Start of DATA PROVIDED

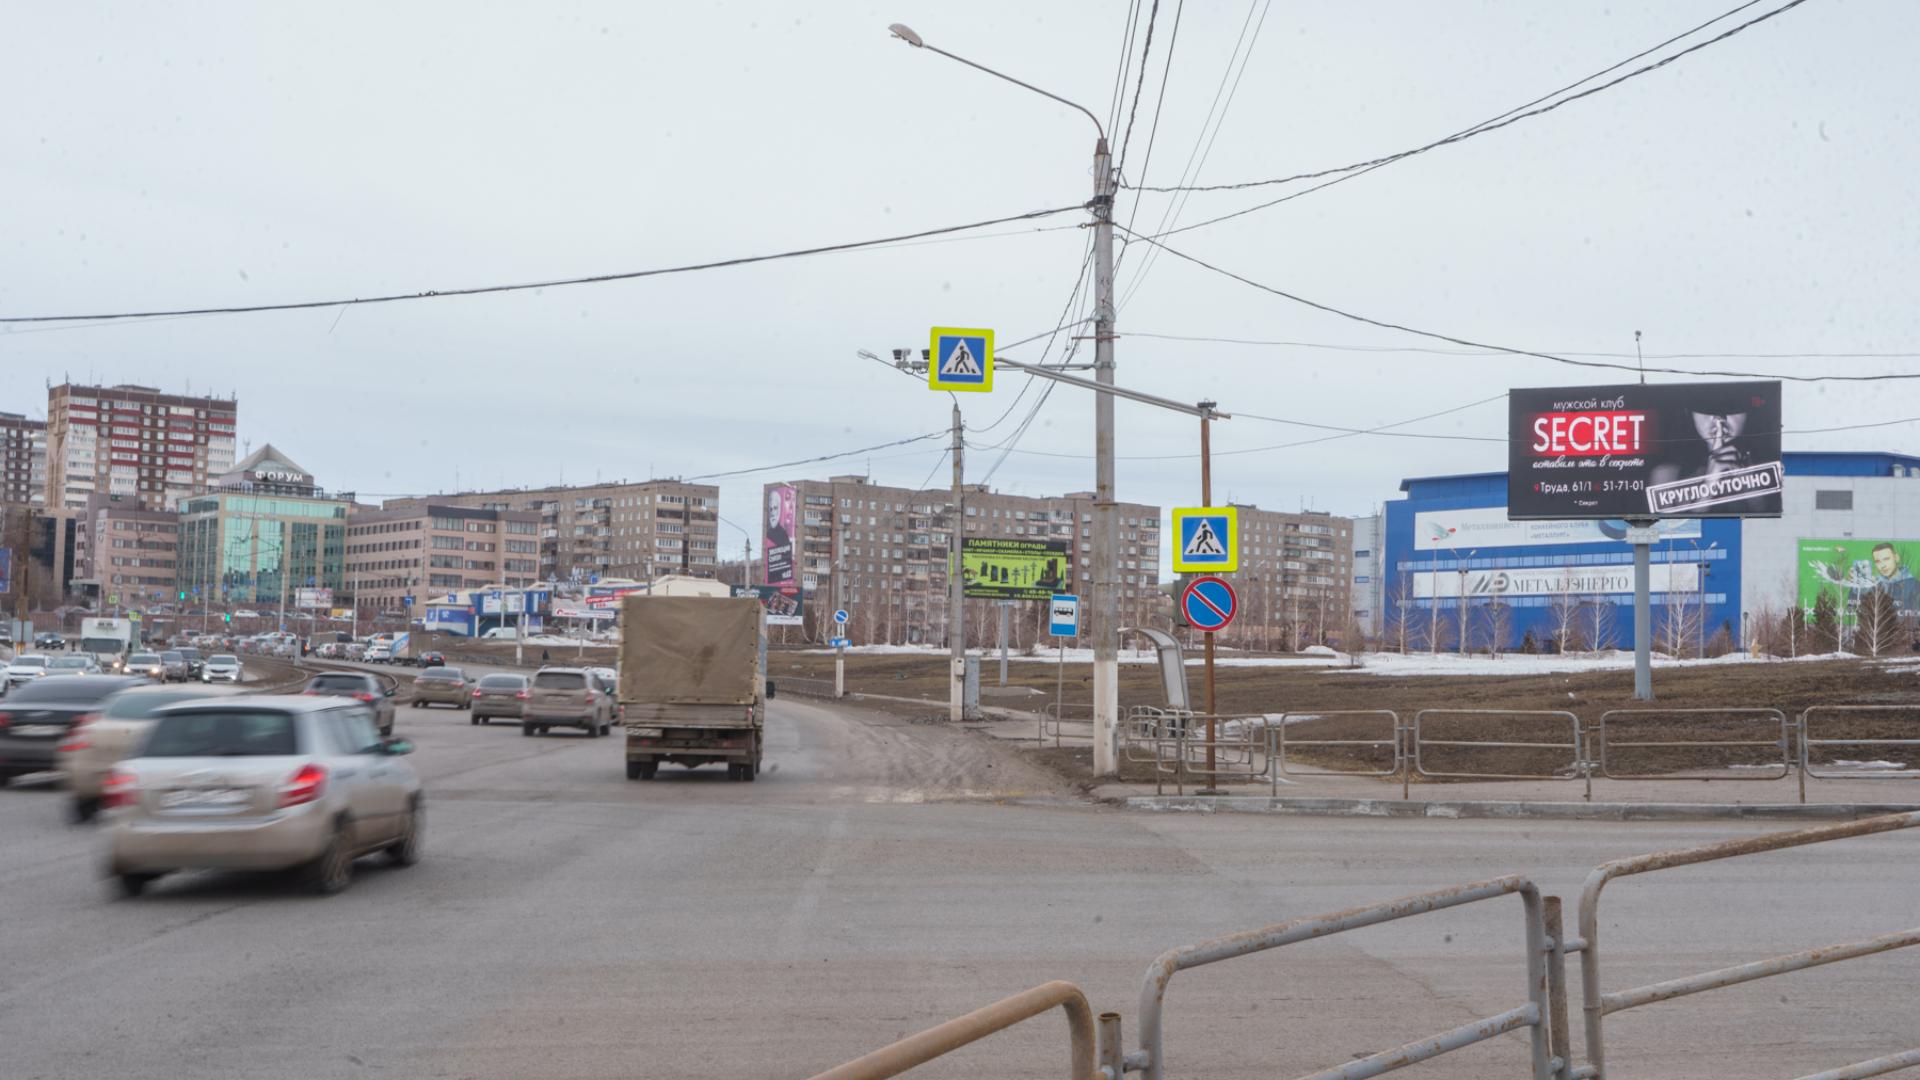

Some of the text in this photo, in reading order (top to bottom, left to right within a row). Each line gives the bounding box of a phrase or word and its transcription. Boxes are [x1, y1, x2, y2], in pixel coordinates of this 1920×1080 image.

[1553, 395, 1624, 412] мужской клуб
[1533, 415, 1645, 452] SECRET
[255, 470, 304, 483] ФОРУМ
[1540, 481, 1592, 494] Труда, 61/1
[1603, 480, 1644, 492] 51-71-01
[1659, 472, 1771, 506] КРУГЛОСУТОЧНО
[968, 539, 1020, 549] ПАМЯТНИКИ
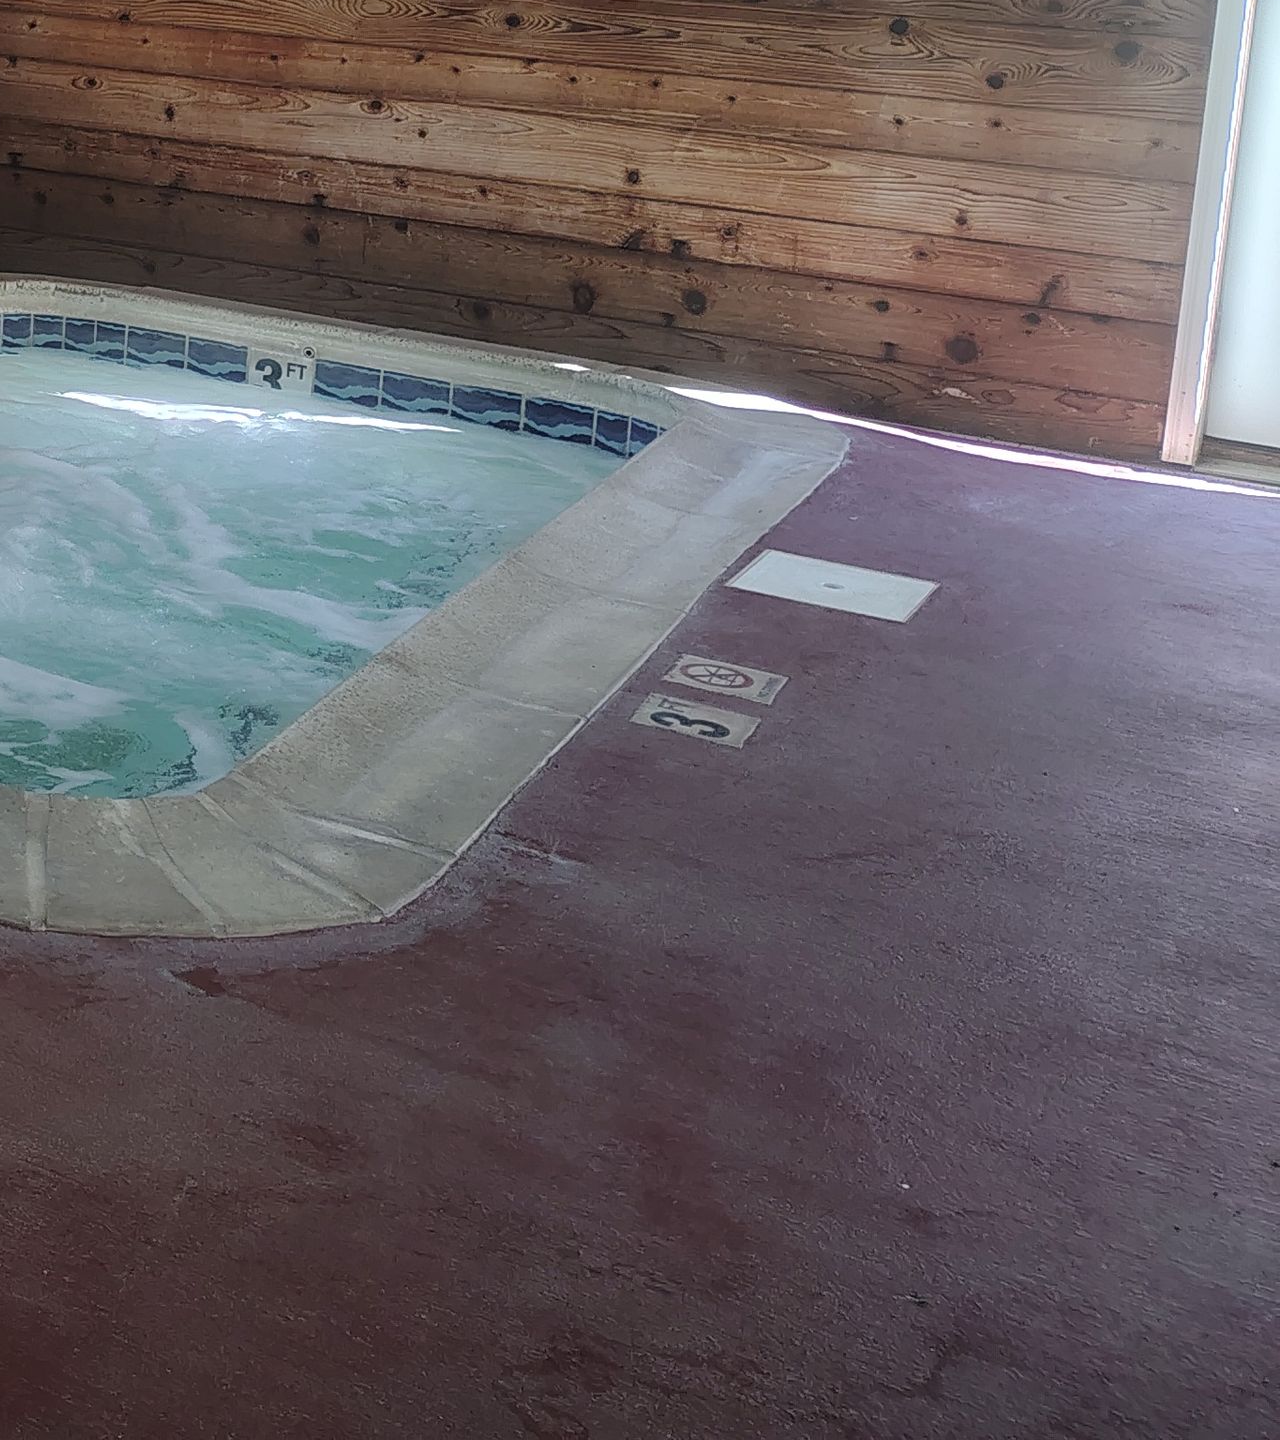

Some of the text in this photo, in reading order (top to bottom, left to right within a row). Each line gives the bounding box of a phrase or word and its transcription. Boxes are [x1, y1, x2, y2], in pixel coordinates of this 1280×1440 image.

[255, 358, 308, 390] 3 FT
[650, 711, 730, 738] 3
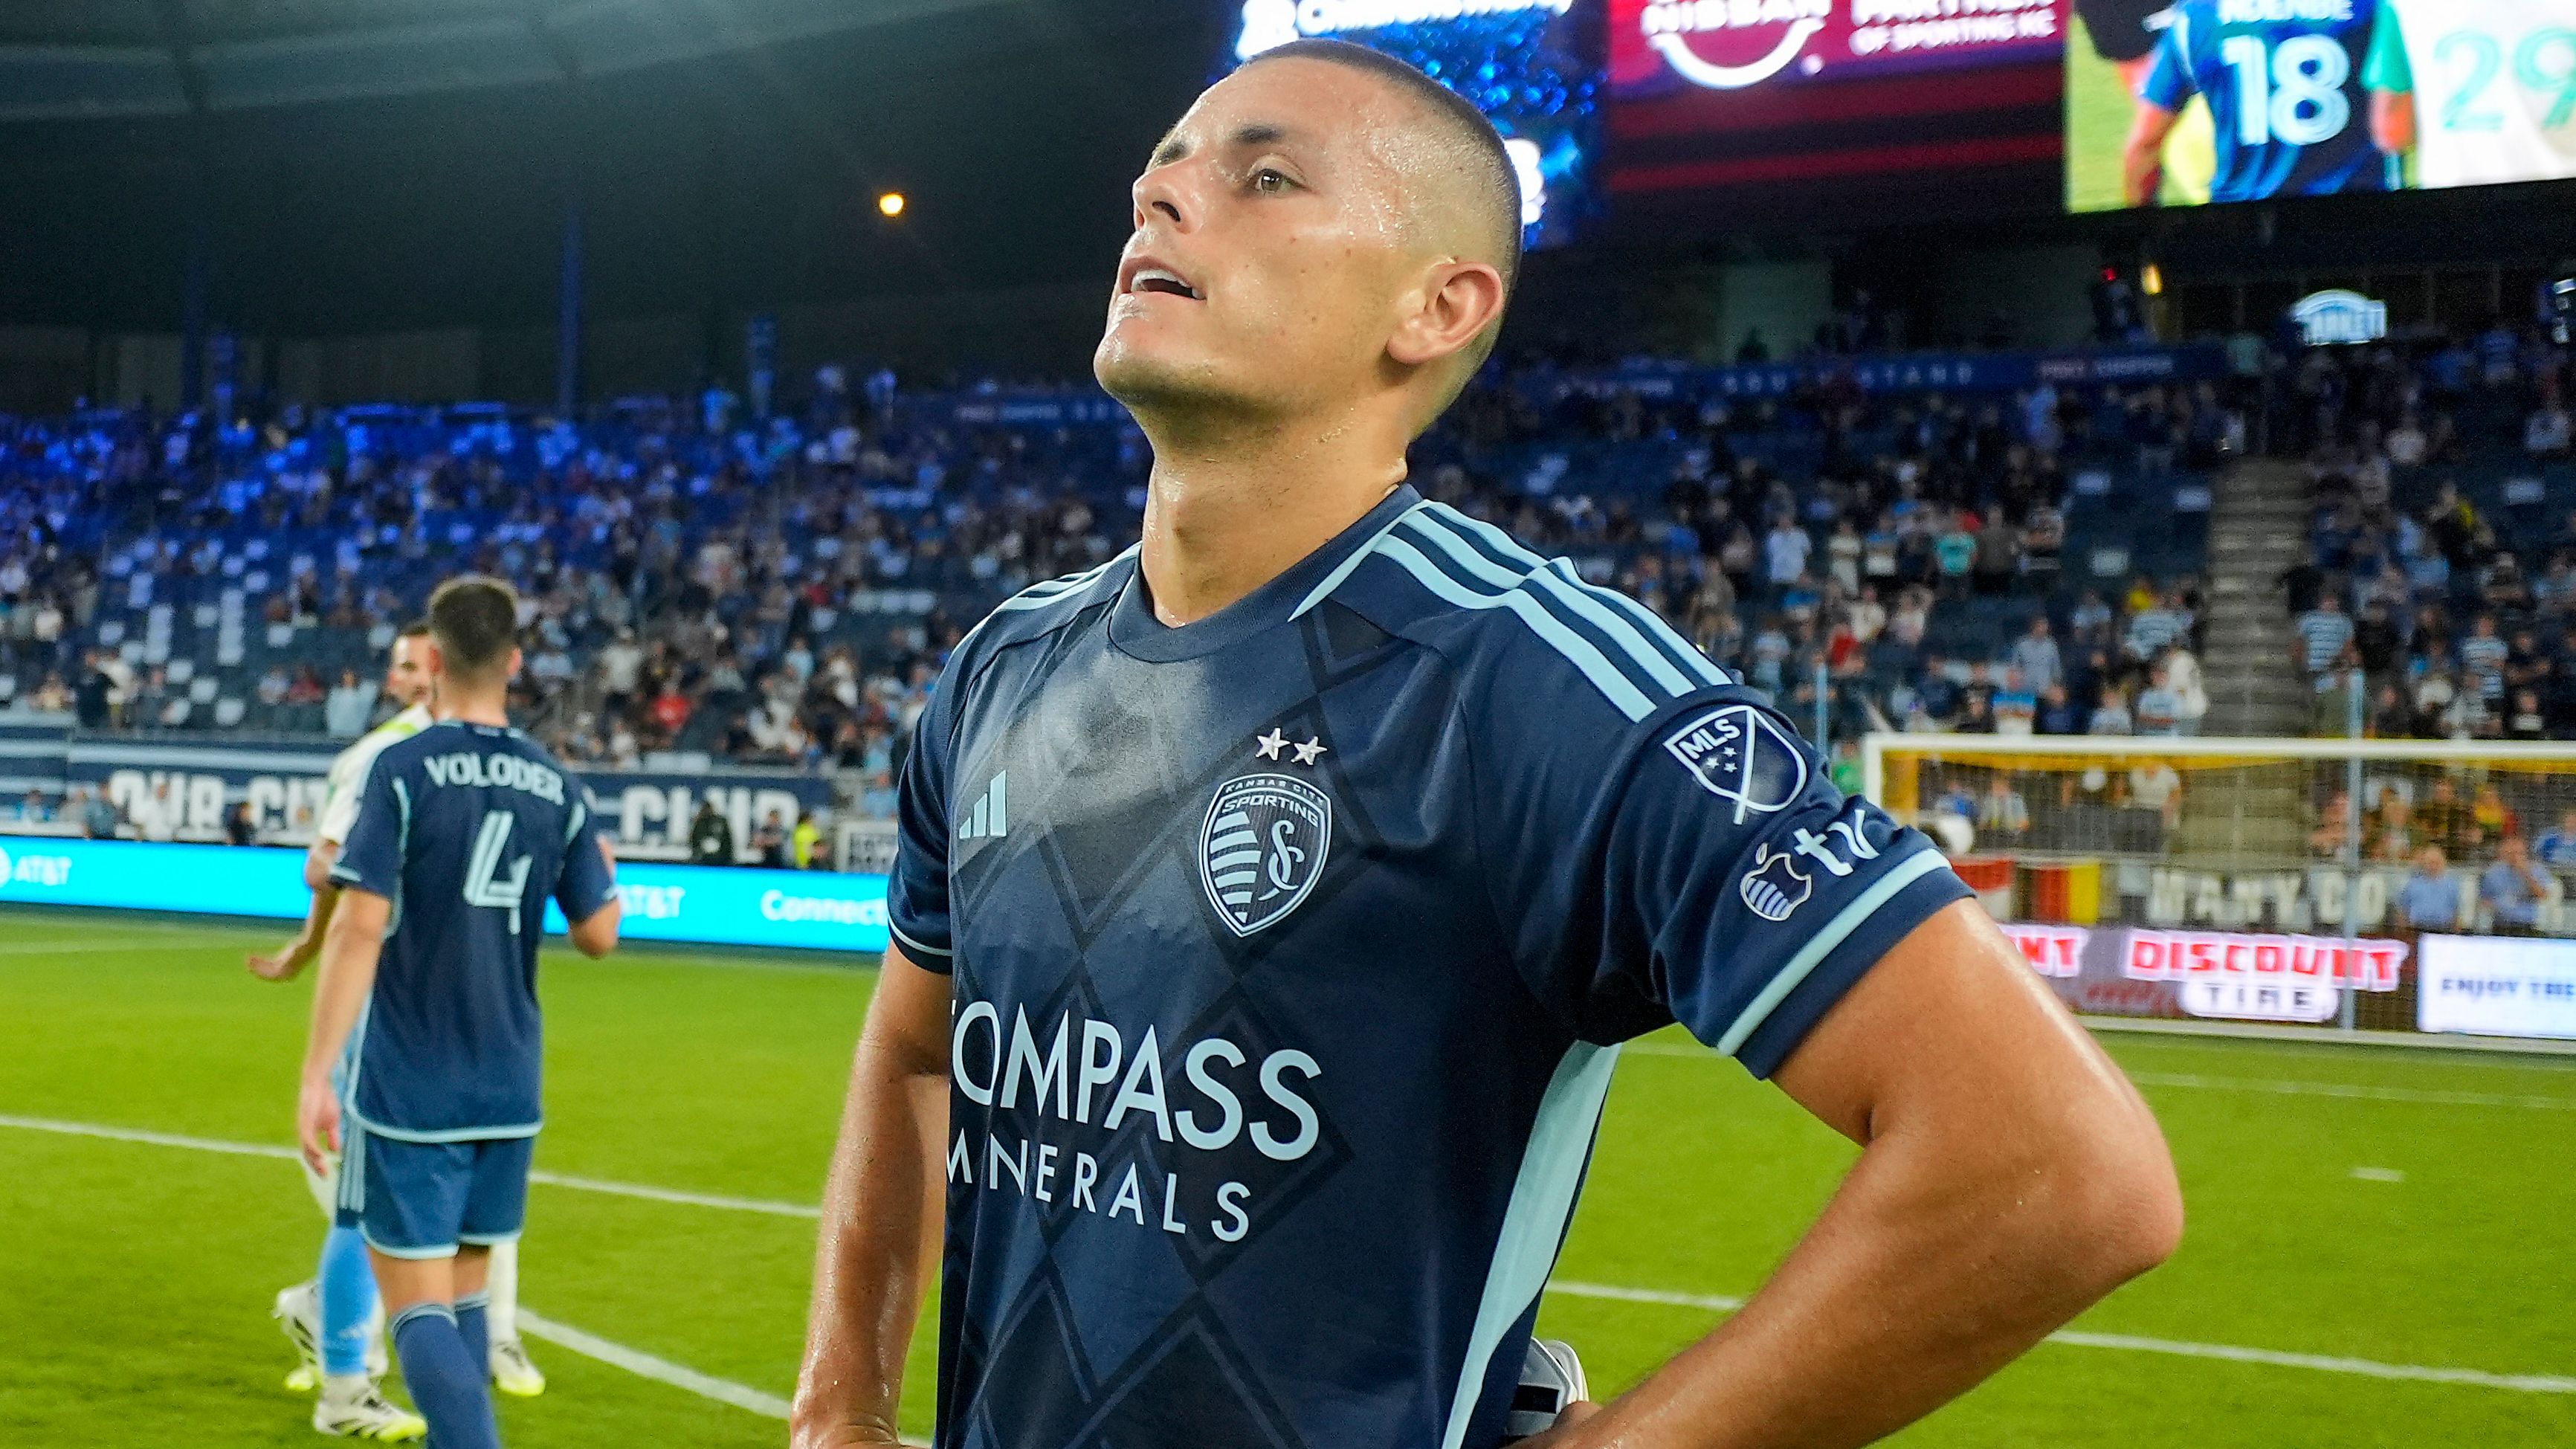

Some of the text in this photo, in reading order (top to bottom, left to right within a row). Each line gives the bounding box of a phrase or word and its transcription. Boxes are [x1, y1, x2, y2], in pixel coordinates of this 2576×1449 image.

[1850, 28, 1890, 55] OF
[1889, 15, 2015, 51] SPORTING
[2015, 8, 2056, 37] KC
[2220, 33, 2351, 146] 18
[2433, 29, 2576, 131] 29
[1679, 718, 1741, 761] MLS
[248, 775, 329, 831] CIT
[423, 751, 566, 806] VOLODER
[1224, 778, 1325, 804] KANSAS CITY
[1221, 794, 1320, 827] SPORTING
[15, 854, 73, 886] AT&T
[1793, 809, 1880, 877] tv
[462, 808, 533, 935] 4
[2126, 933, 2403, 989] DISCOUNT
[2207, 985, 2314, 1007] TIRE
[951, 999, 1323, 1161] OMPASS
[946, 1126, 1251, 1242] MNERALS

End of DATA PROVIDED

• _YOUR INSTRUCTIONS_: Retype exactly. Start at the line with "this 2576×1449 image." and stop at the last line of the data.

• _EXERCISE RESULT_:
Some of the text in this photo, in reading order (top to bottom, left to right within a row). Each line gives the bounding box of a phrase or word and its transcription. Boxes are [x1, y1, x2, y2], in pixel coordinates of this 2576×1449 image.

[1850, 28, 1890, 55] OF
[1889, 15, 2015, 51] SPORTING
[2015, 8, 2056, 37] KC
[2220, 33, 2351, 146] 18
[2433, 29, 2576, 131] 29
[1679, 718, 1741, 761] MLS
[248, 775, 329, 831] CIT
[423, 751, 566, 806] VOLODER
[1224, 778, 1325, 804] KANSAS CITY
[1221, 794, 1320, 827] SPORTING
[15, 854, 73, 886] AT&T
[1793, 809, 1880, 877] tv
[462, 808, 533, 935] 4
[2126, 933, 2403, 989] DISCOUNT
[2207, 985, 2314, 1007] TIRE
[951, 999, 1323, 1161] OMPASS
[946, 1126, 1251, 1242] MNERALS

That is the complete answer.